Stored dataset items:
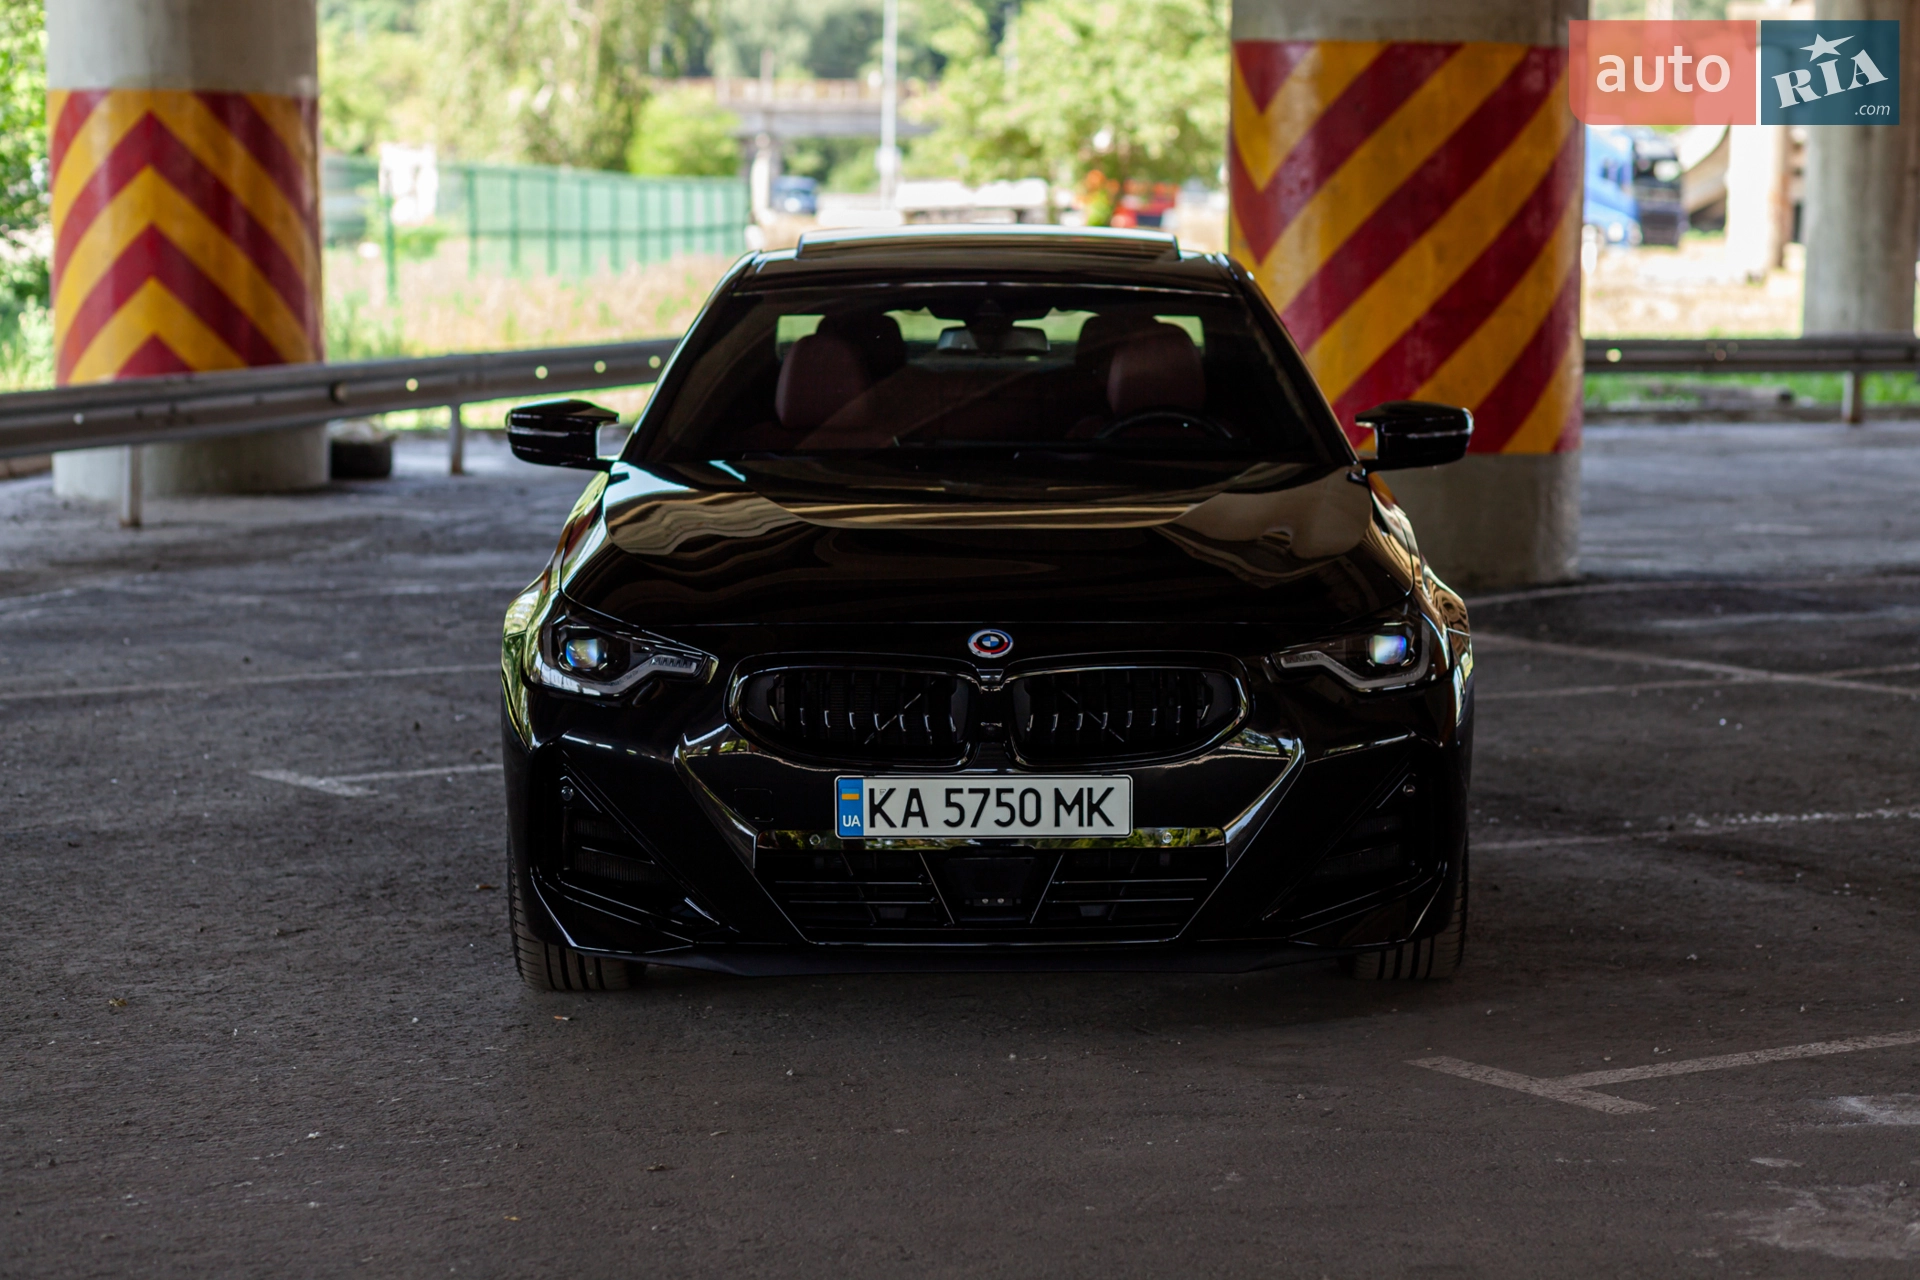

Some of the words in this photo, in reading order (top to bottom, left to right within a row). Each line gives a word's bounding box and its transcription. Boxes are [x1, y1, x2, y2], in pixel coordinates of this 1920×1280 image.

[869, 787, 929, 828] KA
[943, 787, 1042, 828] 5750
[1054, 787, 1115, 828] MK
[842, 815, 861, 827] UA
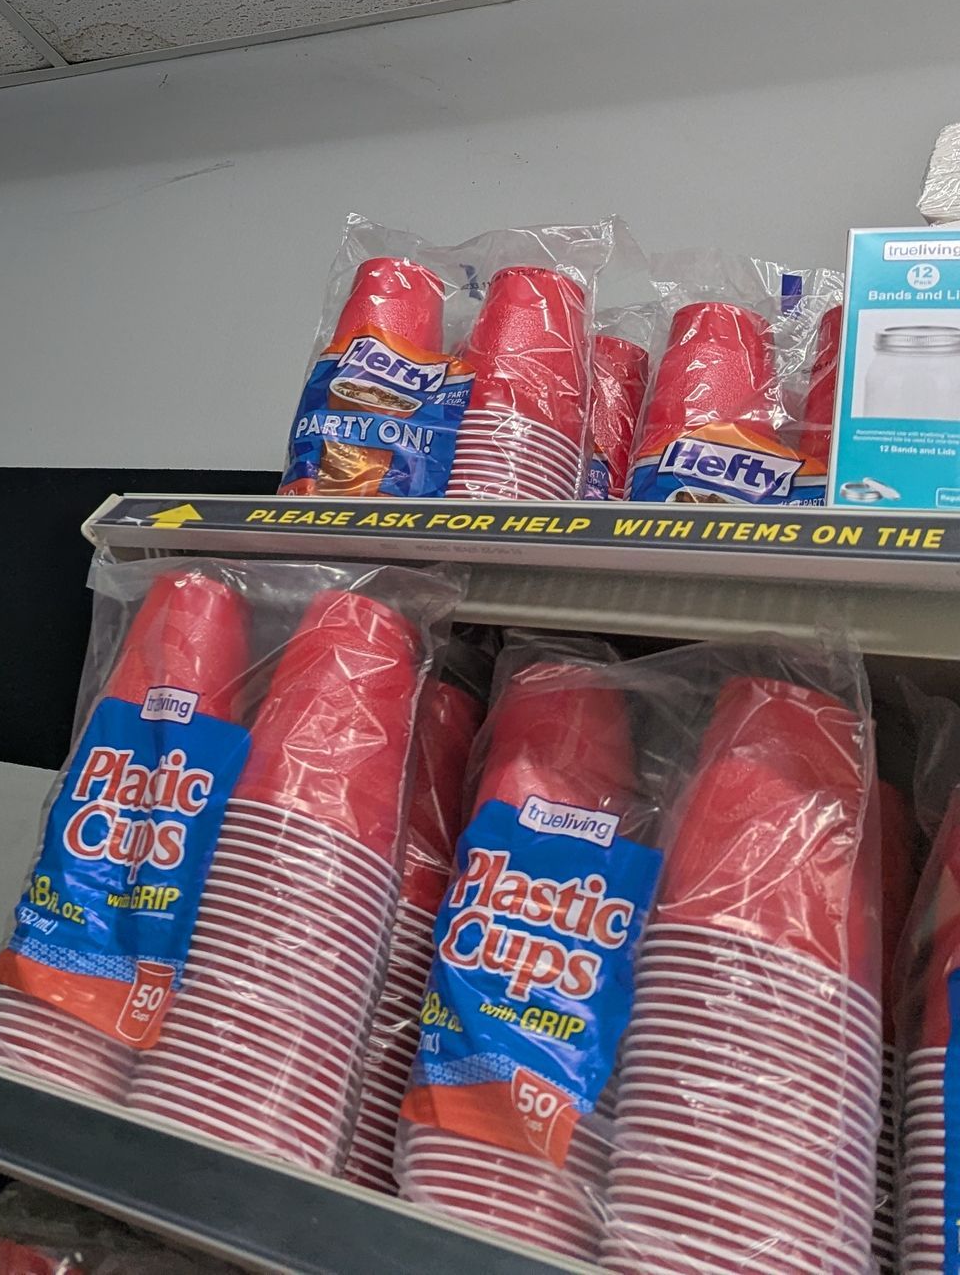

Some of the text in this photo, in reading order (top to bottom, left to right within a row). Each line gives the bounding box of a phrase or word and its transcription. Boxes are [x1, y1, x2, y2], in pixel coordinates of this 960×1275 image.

[888, 243, 960, 258] trueliving
[911, 266, 934, 279] 12
[868, 290, 960, 301] Bands and Li
[345, 340, 443, 392] Hefty
[447, 389, 470, 399] PARTY
[295, 414, 434, 453] PARTY ON!
[880, 445, 956, 456] 12 Bands and Lids
[665, 441, 790, 495] Hefty
[246, 509, 945, 550] PLEASE ASK FOR HELP WITH ITEMS ON THE
[528, 803, 612, 839] trueliving
[64, 802, 186, 884] Cups
[62, 902, 86, 925] oz.
[131, 886, 181, 910] GRIP
[450, 849, 633, 948] Plastic
[440, 907, 602, 1001] Cups
[131, 1009, 150, 1022] Cups
[132, 984, 164, 1011] 50
[480, 1002, 586, 1040] with GRIP
[518, 1082, 558, 1118] 50
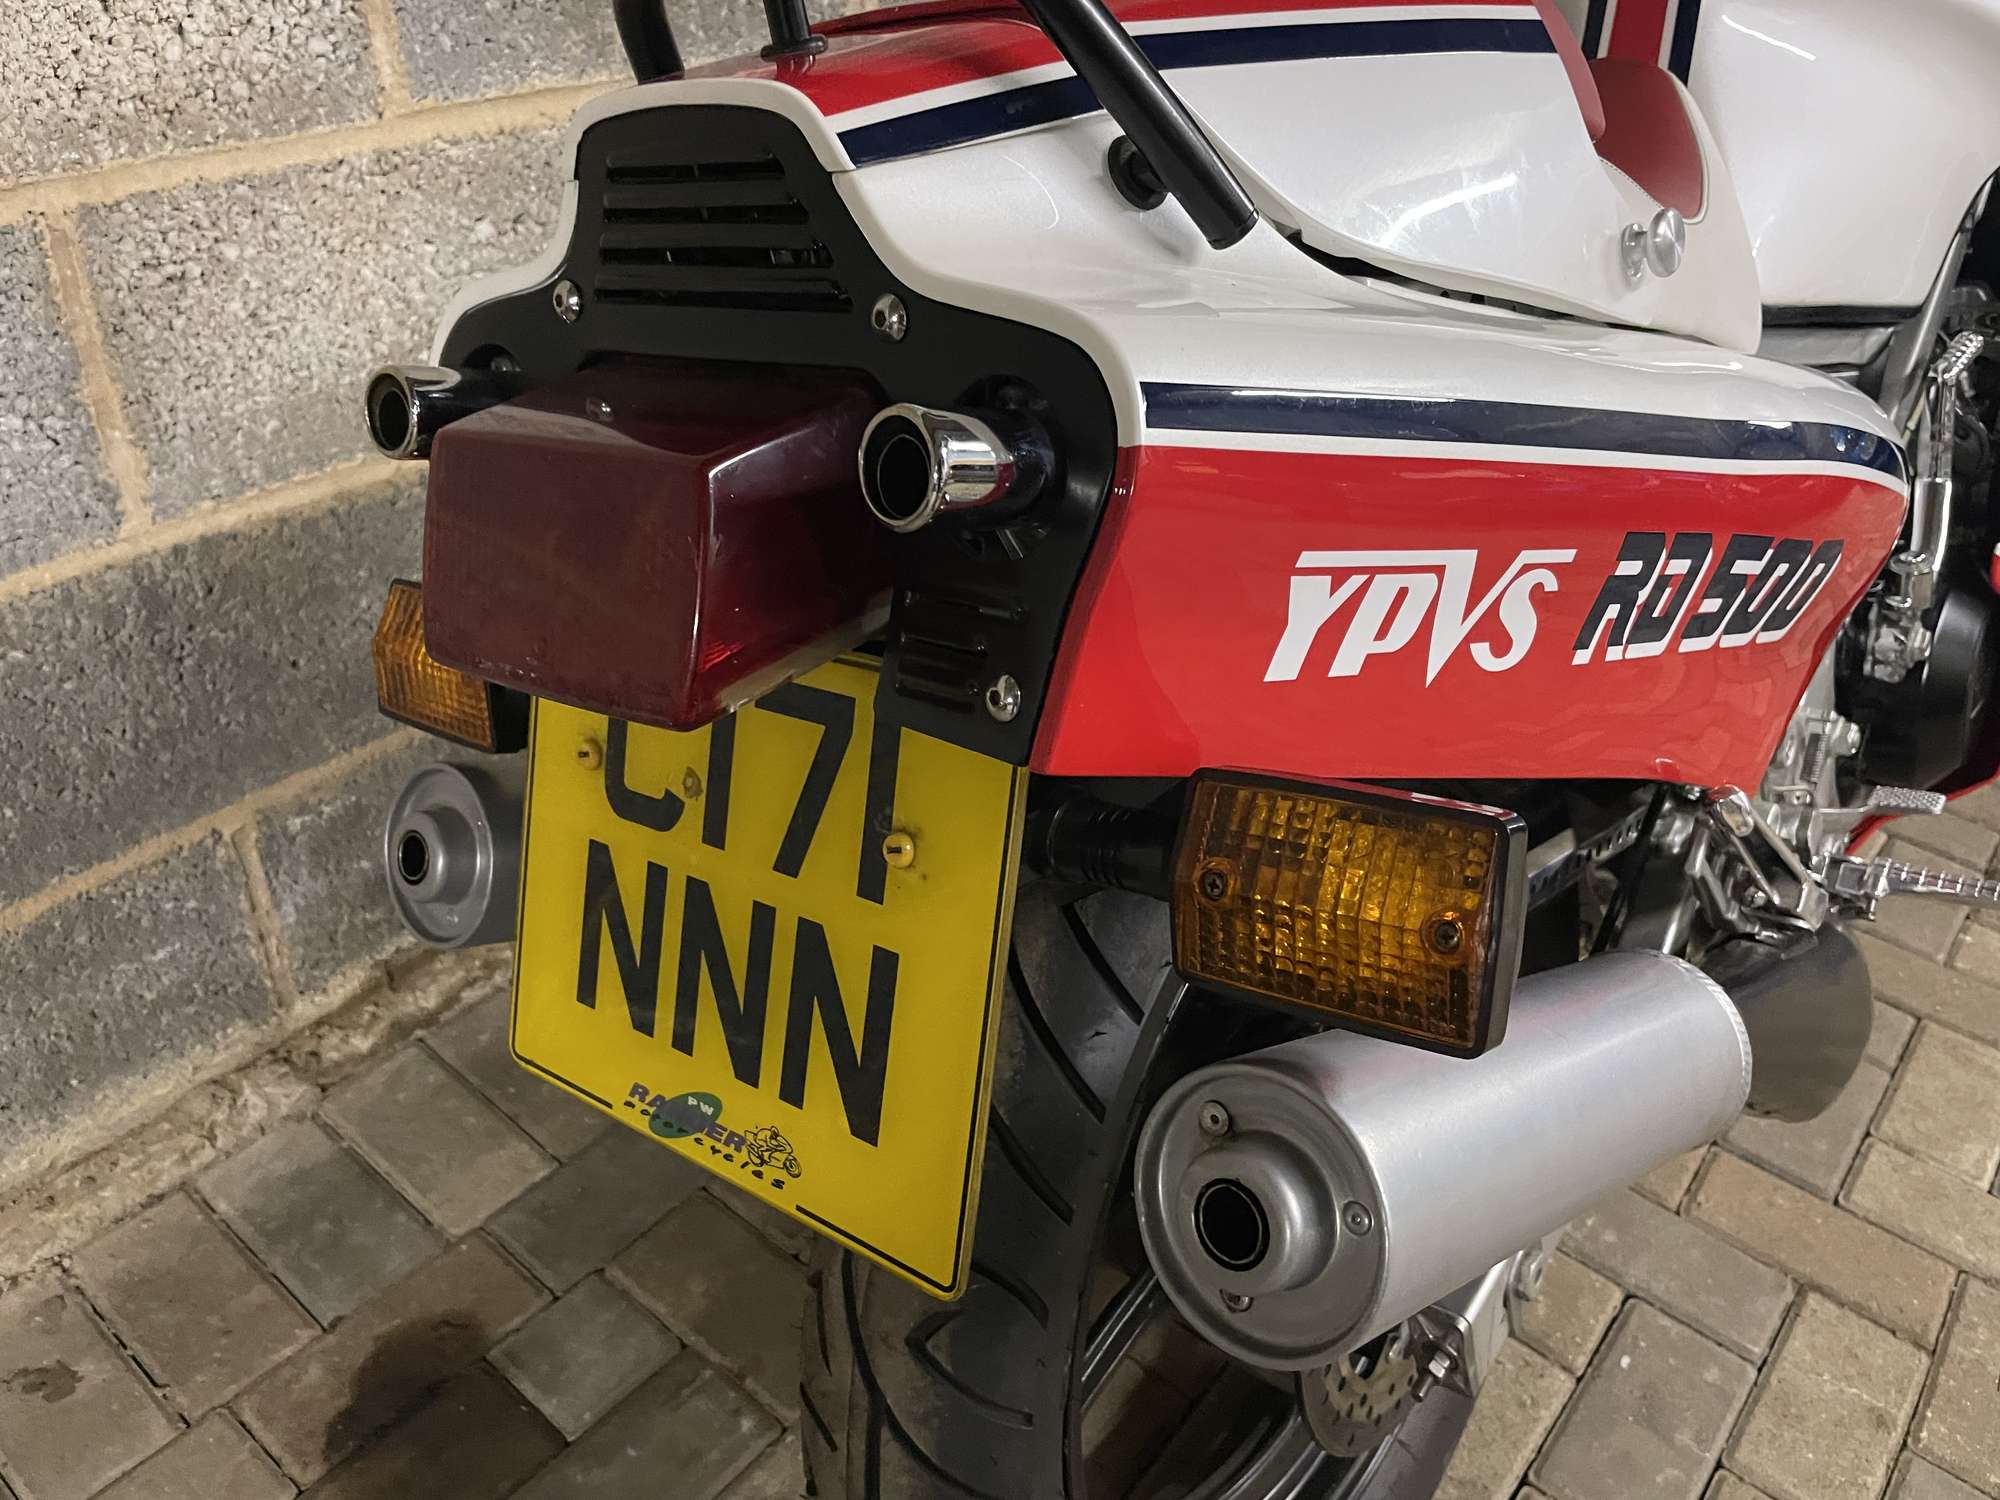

◆ ACTION ITEM ◆
All records above must be copied exactly, though the pictures they hold are to be left out.

◆ TASK ANSWER ◆
Some of the words in this photo, in reading order (top to bottom, left to right within a row). Each line gives a word's bounding box and its transcription. Boxes are [x1, y1, x2, y2], in pixel coordinates of this 1920×1280 image.

[869, 787, 929, 828] KA
[943, 787, 1042, 828] 5750
[1054, 787, 1115, 828] MK
[842, 815, 861, 827] UA

Some of the text in this photo, in reading order (top to bottom, left to right within a row). Each line gives the bounding box of a phrase or word and its transcription. Boxes are [x1, y1, x2, y2], in pixel coordinates of this 960×1275 image.

[888, 243, 960, 258] trueliving
[911, 266, 934, 279] 12
[868, 290, 960, 301] Bands and Li
[345, 340, 443, 392] Hefty
[447, 389, 470, 399] PARTY
[295, 414, 434, 453] PARTY ON!
[880, 445, 956, 456] 12 Bands and Lids
[665, 441, 790, 495] Hefty
[246, 509, 945, 550] PLEASE ASK FOR HELP WITH ITEMS ON THE
[528, 803, 612, 839] trueliving
[64, 802, 186, 884] Cups
[62, 902, 86, 925] oz.
[131, 886, 181, 910] GRIP
[450, 849, 633, 948] Plastic
[440, 907, 602, 1001] Cups
[131, 1009, 150, 1022] Cups
[132, 984, 164, 1011] 50
[480, 1002, 586, 1040] with GRIP
[518, 1082, 558, 1118] 50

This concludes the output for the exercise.